Customer Loyalty for Small Business

Customer loyalty is an essential source of profit to a small service business.

Here’s what we’ll cover. Click any link:

  • Mind-blowing economics of customer loyalty.
  • Customers don’t stay loyal on their own.
  • What’s love got to do with it?
  • Loyal customers do these four things.
  • There’s one thing you need to do to create customer loyalty.
  • You have dozens of opportunities to do this one thing.
  • How much priority should you give customer loyalty?
  • One small business case study in customer loyalty
  • Customer loyalty next steps for your business.

Mind-blowing economics of customer loyalty.

Here are two facts:

It costs 5 to 7 times more to acquire a new customer than to keep an old one.

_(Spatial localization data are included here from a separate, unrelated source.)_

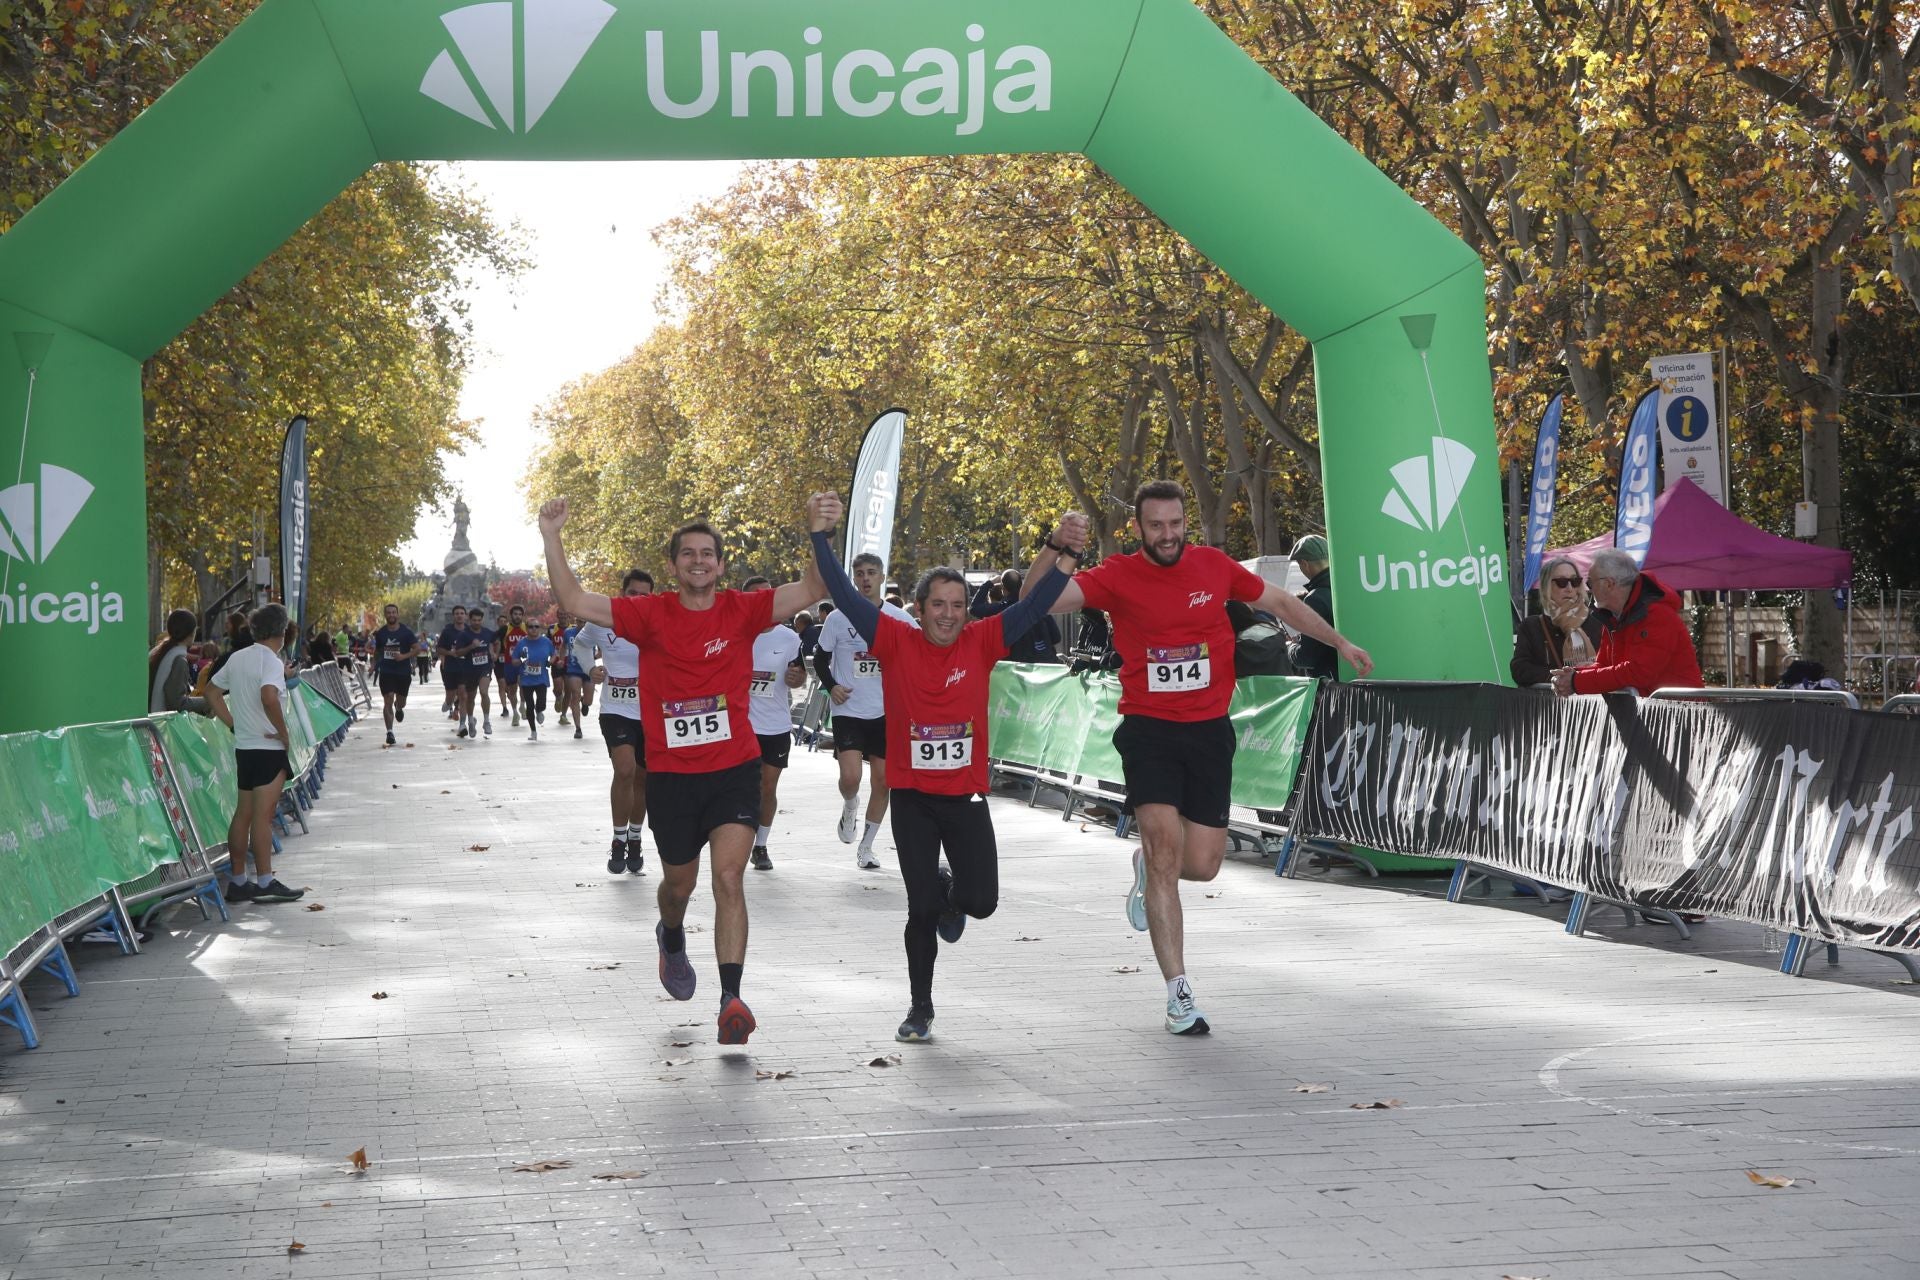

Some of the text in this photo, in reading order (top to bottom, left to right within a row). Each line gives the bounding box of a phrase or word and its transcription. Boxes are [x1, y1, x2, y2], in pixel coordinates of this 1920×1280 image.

[645, 24, 1052, 136] Unicaja
[1659, 362, 1696, 373] Oficina de
[1359, 545, 1503, 596] Unicaja
[1188, 591, 1214, 609] Talgo
[704, 637, 730, 658] Talgo
[1156, 662, 1202, 683] 914
[611, 687, 637, 699] 878
[673, 714, 720, 738] 915
[920, 741, 964, 761] 913

A 5% increase in customer retention improves profits 25% to 95%.

The sources of these data include Forbes and Harvard Business School.

With low customer loyalty, it’s hard to remain profitable. What do I mean by “low”? “Low” means your competitors’ customers are more loyal than yours. Three things are happening:

  • You’re more dependent on new customers than your competitors are.
  • Therefore, your cost of every sale is higher than your competitors.
  • Your customers are switching to competitors more than competitors’ customers are switching to you.

How would you feel about being in this hole?

I’ve been in it. It was frustrating and embarrassing. For a while, I was too proud to ask for help.

But, I got over the myth of the “self-made” business owner. Everyone in business needs help. I found good teachers.

And, I learned two very important things:

1) This hole is avoidable.

2) How to avoid the hole. It started with this humbling reminder…

Customers don’t stay loyal on their own.

Business owners are optimists. Who else would gamble our savings on starting businesses?

We believe our services are superior. But ultimately, it’s customers who decide. And, their preferences evolve.

Research on customer loyalty reveals 80% of CEOs say they deliver a superior customer experience. But, only 8% of customers agree.

We have to keep improving. None of us is indispensable to our customers. Customer loyalty is a moving target.

So, where do we start?

It starts with getting clear about what customer loyalty means in the context of building a business.

What’s love got to do with it?

We love our customers. We want our customers to love us back. Many do.

Customer loyalty is more.

What makes customers loyal is what they actually do.

Loyal customers do these four things.

Loyal customers do four things. Each of these behaviors increases your cash flow and profit:

Renew and repurchase. Loyal customers buy from you again and again. They renew subscriptions with you.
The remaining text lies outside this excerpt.